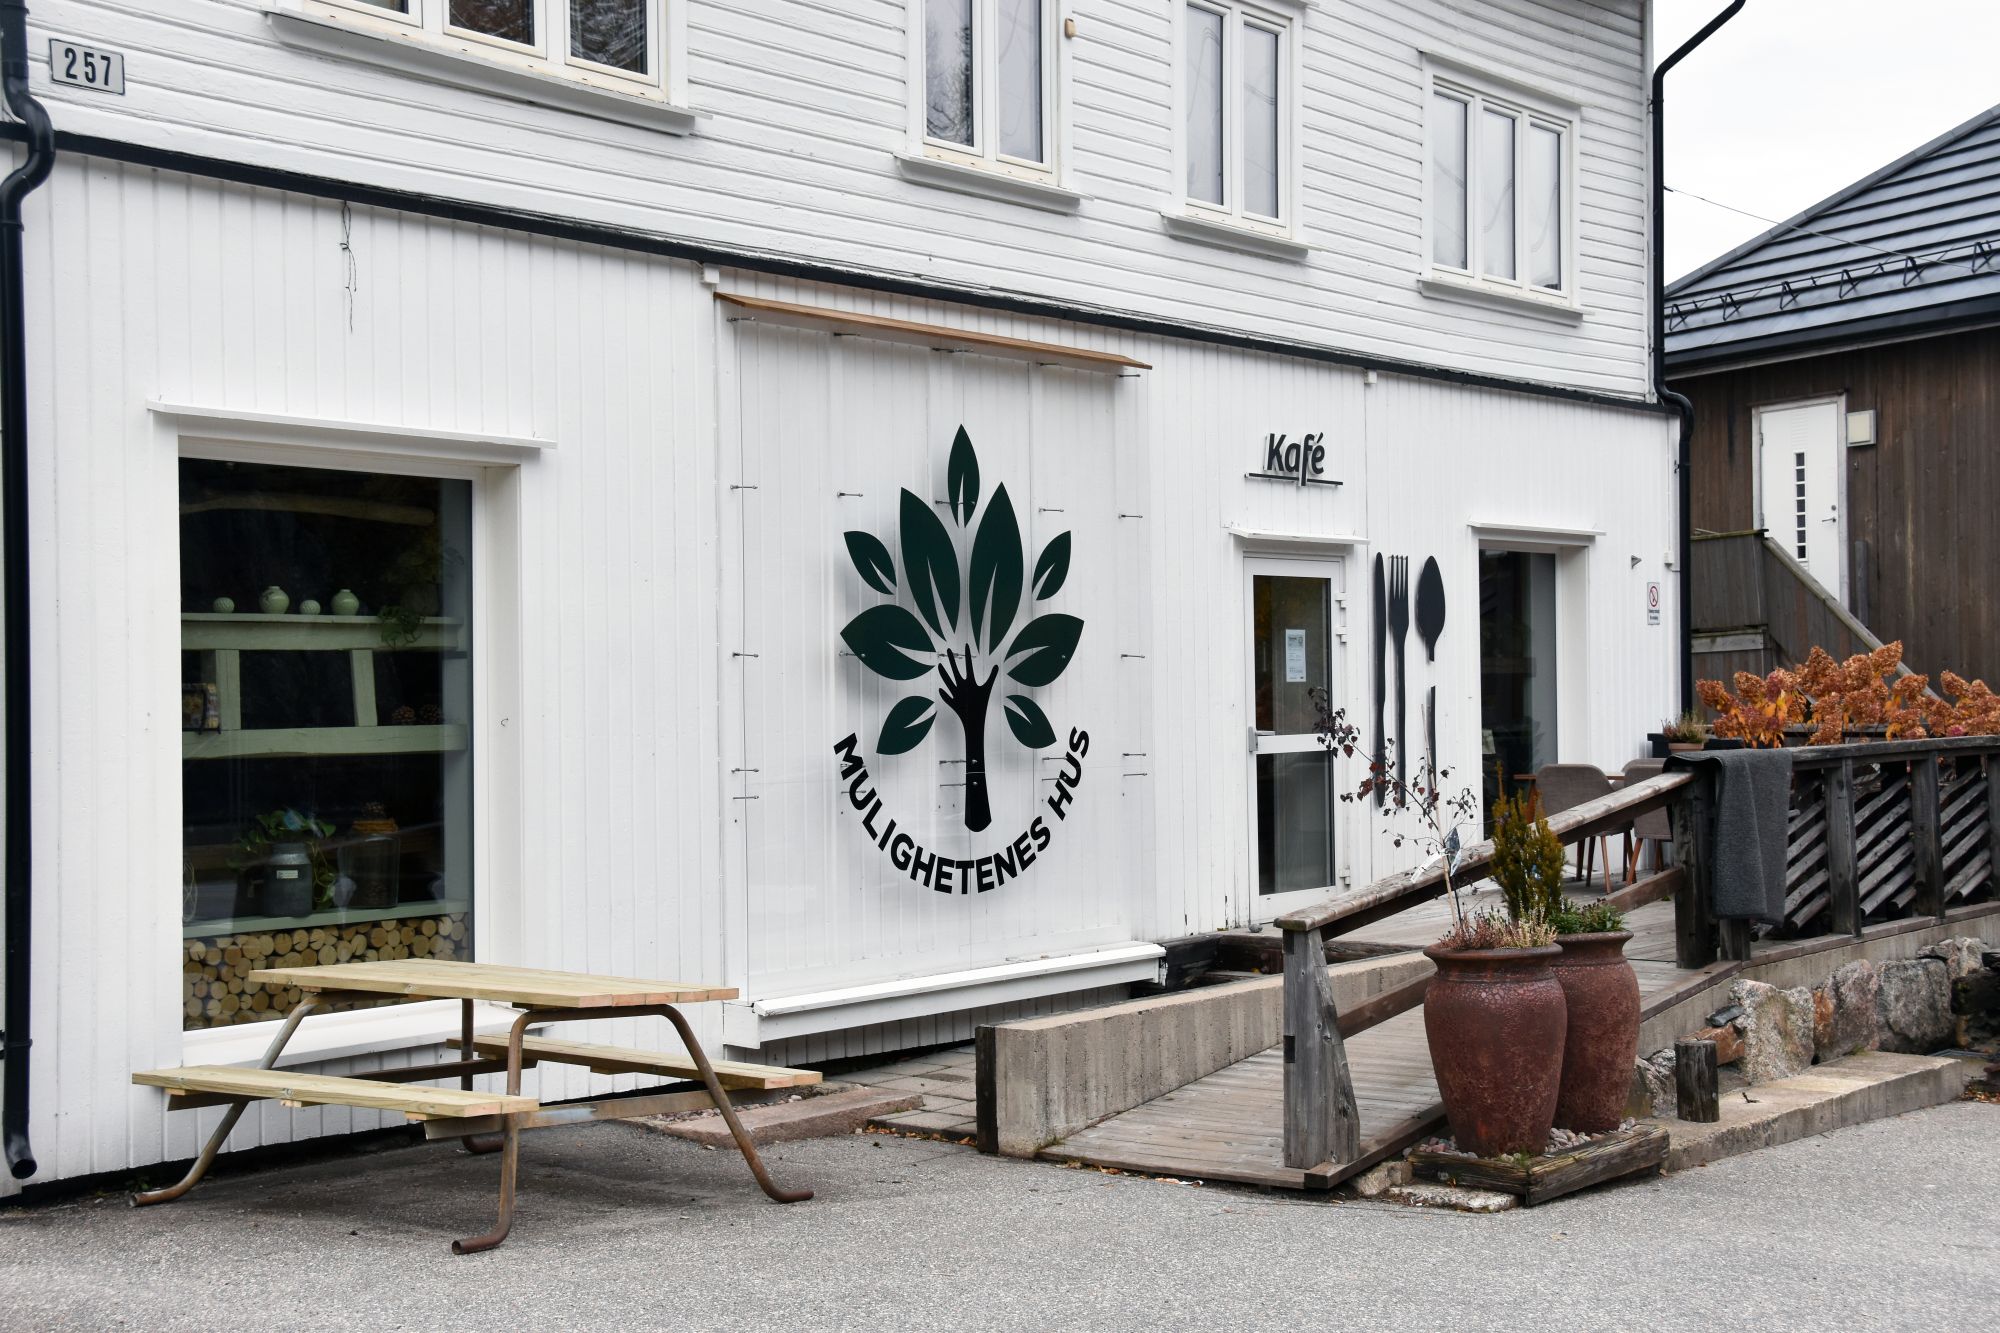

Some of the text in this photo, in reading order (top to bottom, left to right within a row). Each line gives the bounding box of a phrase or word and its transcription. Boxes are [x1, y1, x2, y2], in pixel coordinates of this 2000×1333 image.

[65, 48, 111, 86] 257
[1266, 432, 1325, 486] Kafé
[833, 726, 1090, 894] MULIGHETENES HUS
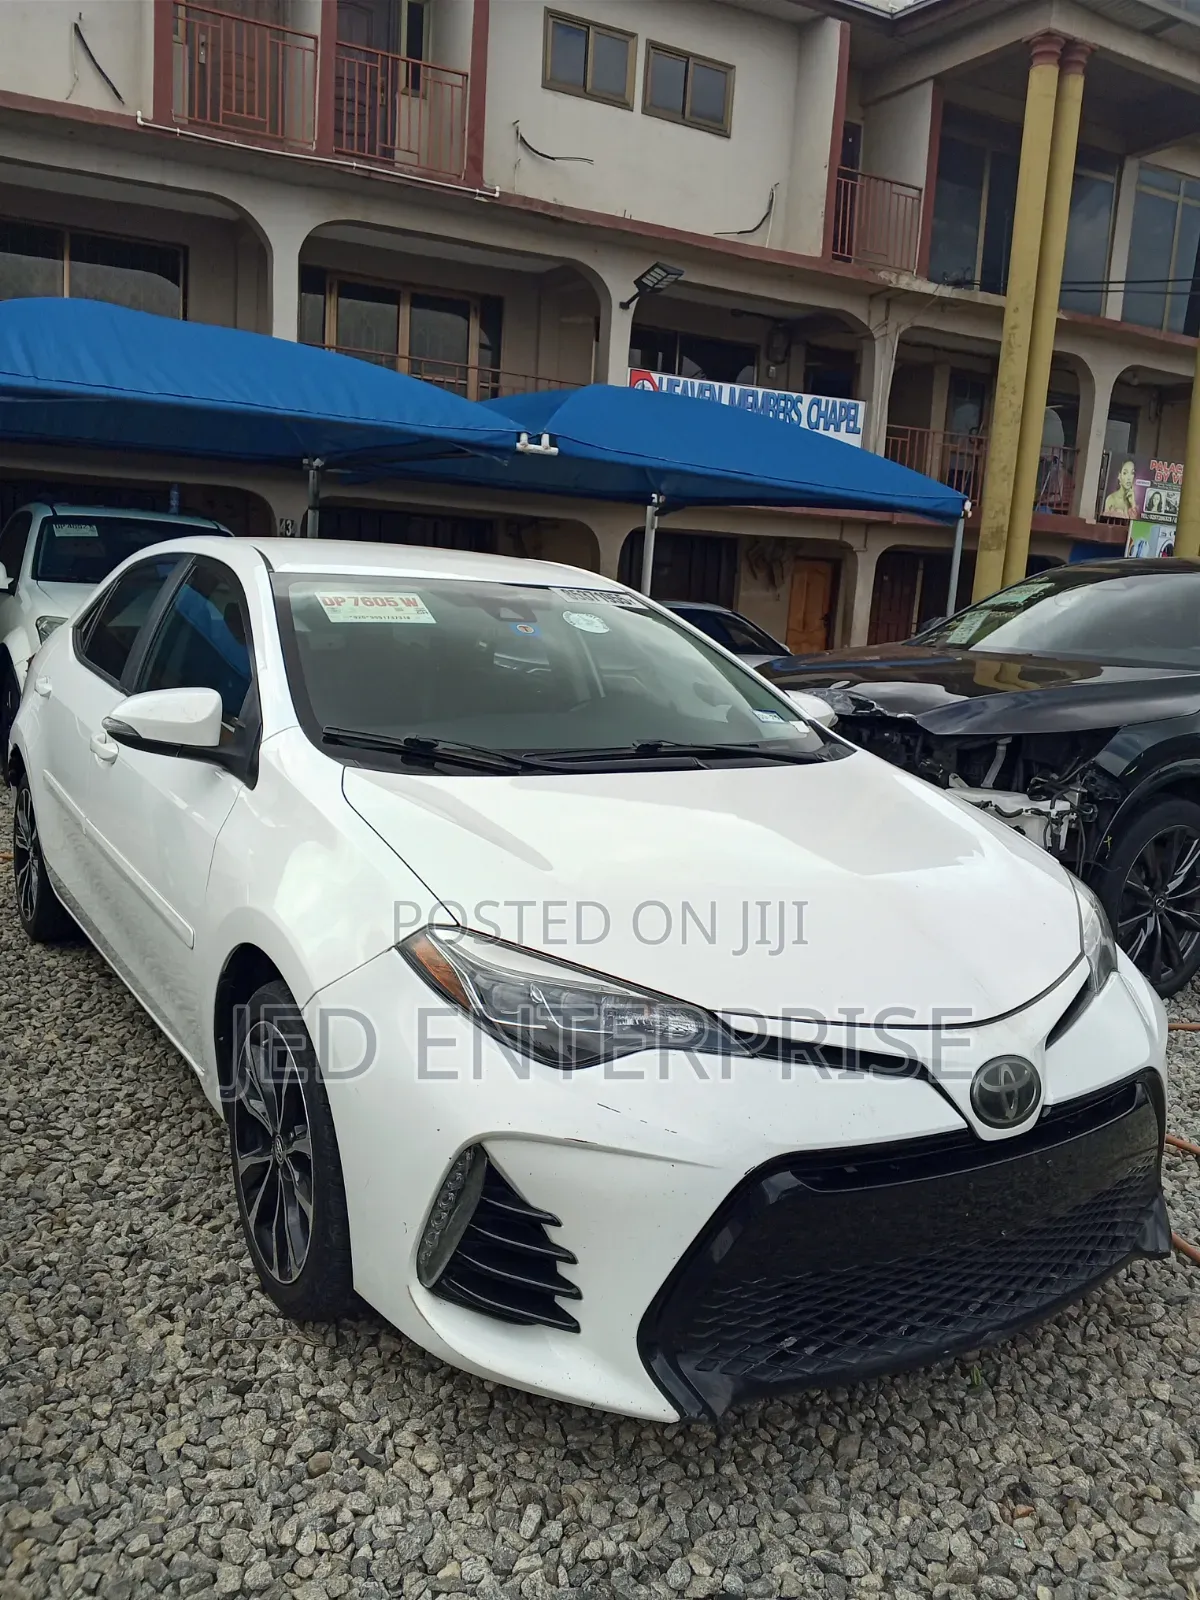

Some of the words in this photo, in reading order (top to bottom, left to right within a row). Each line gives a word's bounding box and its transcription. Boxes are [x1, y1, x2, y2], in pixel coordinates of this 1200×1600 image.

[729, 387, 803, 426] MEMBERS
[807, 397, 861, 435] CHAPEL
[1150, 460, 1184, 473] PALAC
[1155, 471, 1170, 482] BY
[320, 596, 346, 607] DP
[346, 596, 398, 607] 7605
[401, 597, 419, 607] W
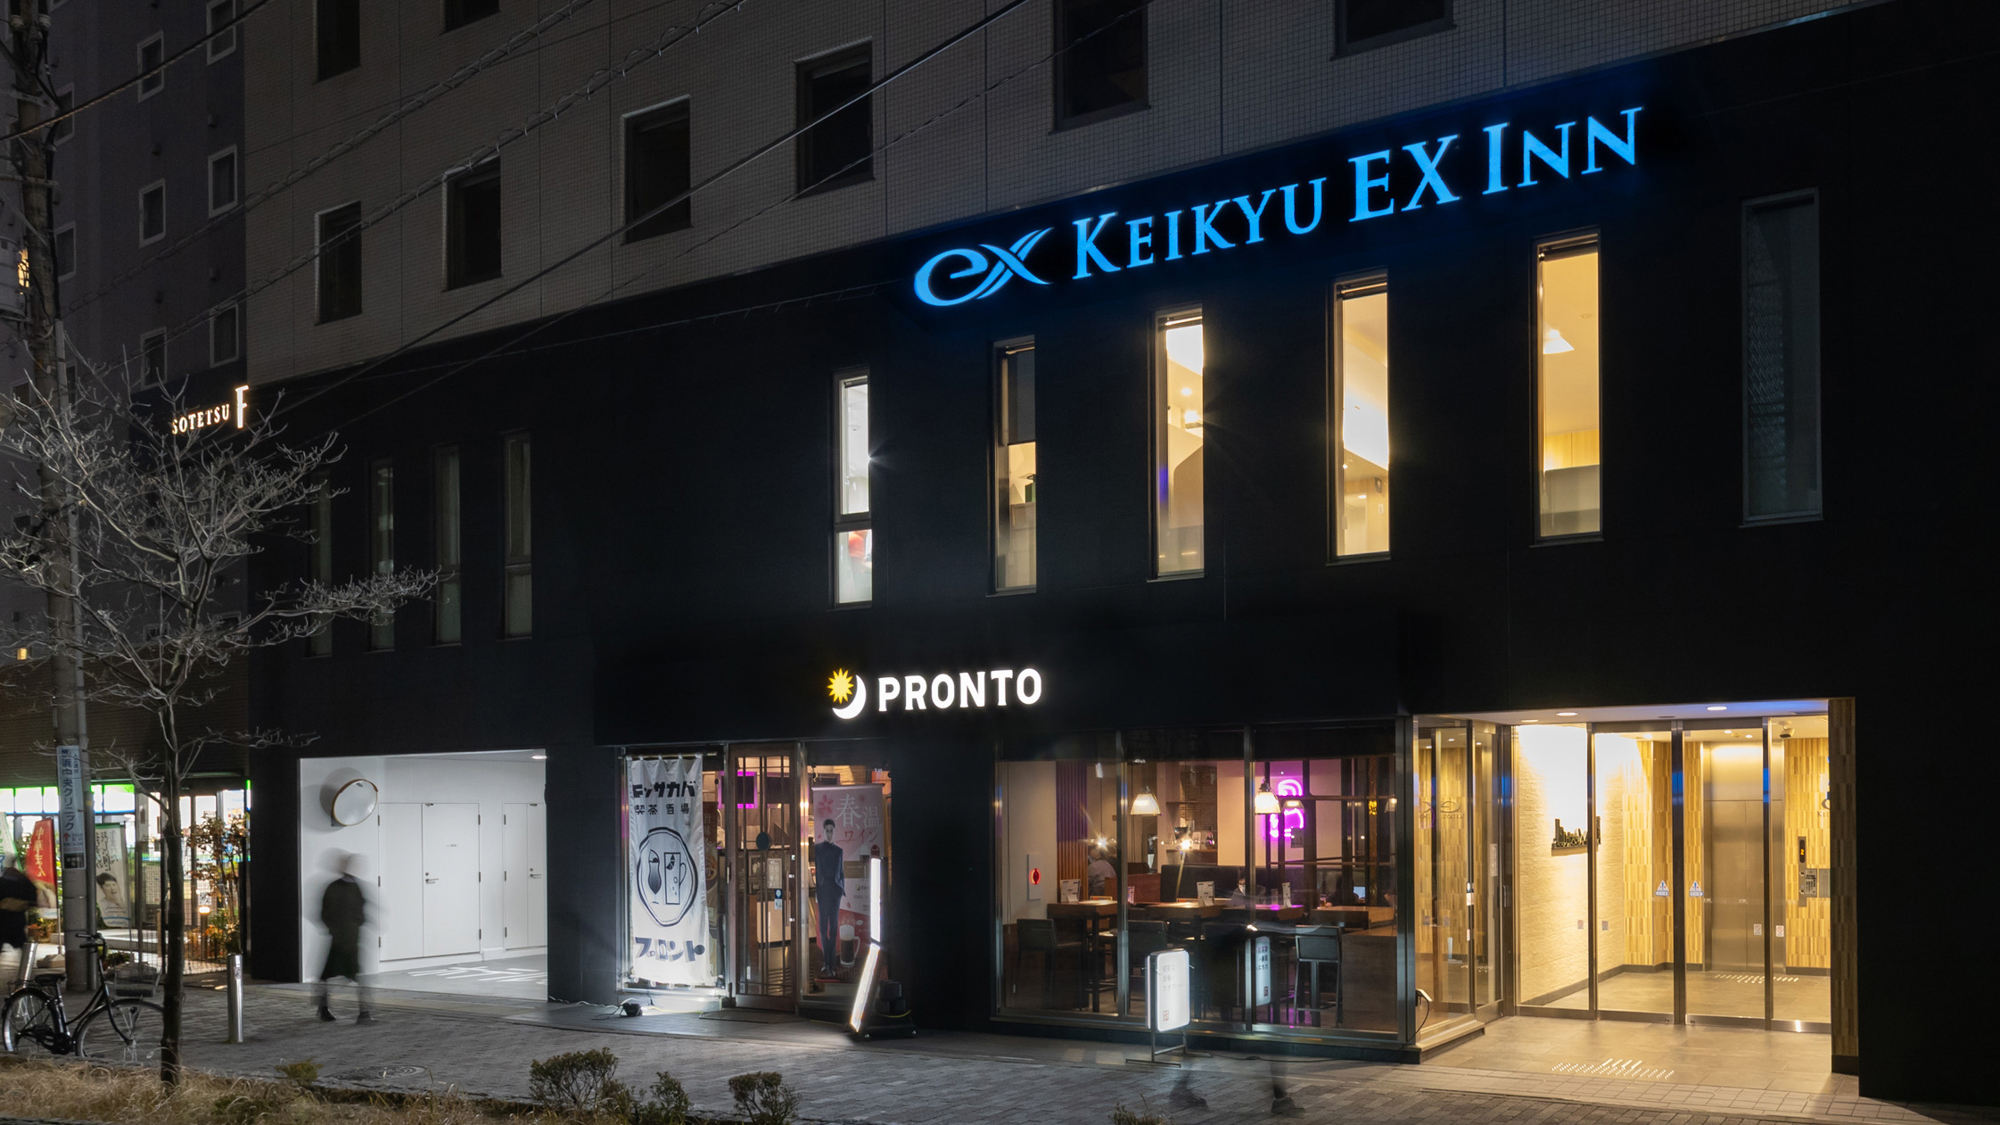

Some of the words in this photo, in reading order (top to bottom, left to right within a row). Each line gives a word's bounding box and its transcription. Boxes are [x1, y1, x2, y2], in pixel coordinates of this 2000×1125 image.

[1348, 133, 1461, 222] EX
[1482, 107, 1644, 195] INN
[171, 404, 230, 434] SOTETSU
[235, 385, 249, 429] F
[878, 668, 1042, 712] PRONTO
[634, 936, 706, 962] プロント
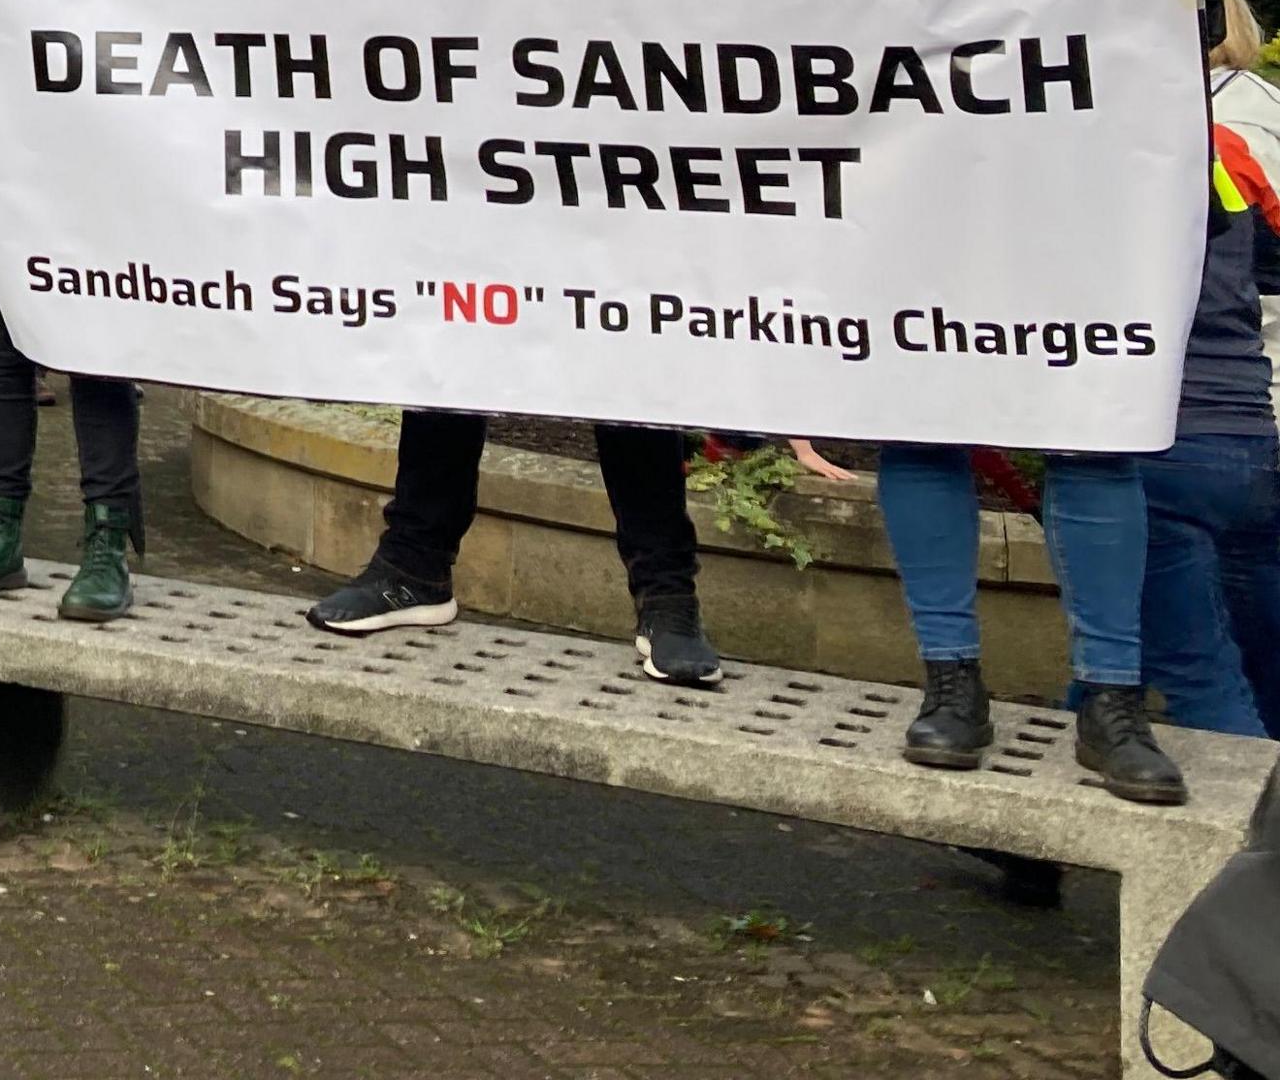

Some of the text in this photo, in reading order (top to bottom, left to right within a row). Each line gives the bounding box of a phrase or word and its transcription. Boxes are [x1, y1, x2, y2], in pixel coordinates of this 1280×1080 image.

····················

What is needed is an exact reproduction of the data, pictures excluded.

**Task solution:**
Some of the text in this photo, in reading order (top to bottom, left to right within a row). Each line gives the bounding box of a phrase or word and its transcription. Boxes are [x1, y1, x2, y2], in pixel coordinates of this 2000×1333 image.

[65, 48, 111, 86] 257
[1266, 432, 1325, 486] Kafé
[833, 726, 1090, 894] MULIGHETENES HUS

Some of the words in this photo, in reading order (top to bottom, left to right within a row). Each line gives a word's bounding box and its transcription. Boxes are [x1, y1, x2, y2], in pixel coordinates of this 1200×1600 image.

[729, 387, 803, 426] MEMBERS
[807, 397, 861, 435] CHAPEL
[1150, 460, 1184, 473] PALAC
[1155, 471, 1170, 482] BY
[320, 596, 346, 607] DP
[346, 596, 398, 607] 7605
[401, 597, 419, 607] W

Some of the words in this photo, in reading order (top to bottom, left to right within a row). Each line gives a word's bounding box and its transcription. Boxes are [x1, y1, x2, y2], in pixel coordinates of this 2000×1125 image.

[1348, 133, 1461, 222] EX
[1482, 107, 1644, 195] INN
[171, 404, 230, 434] SOTETSU
[235, 385, 249, 429] F
[878, 668, 1042, 712] PRONTO
[634, 936, 706, 962] プロント

Some of the text in this photo, in reading order (top to bottom, left to right within a row). Each line gives the bounding box of a phrase or word and its transcription. Boxes are [x1, y1, x2, y2], in pixel coordinates of this 1280×1080 image.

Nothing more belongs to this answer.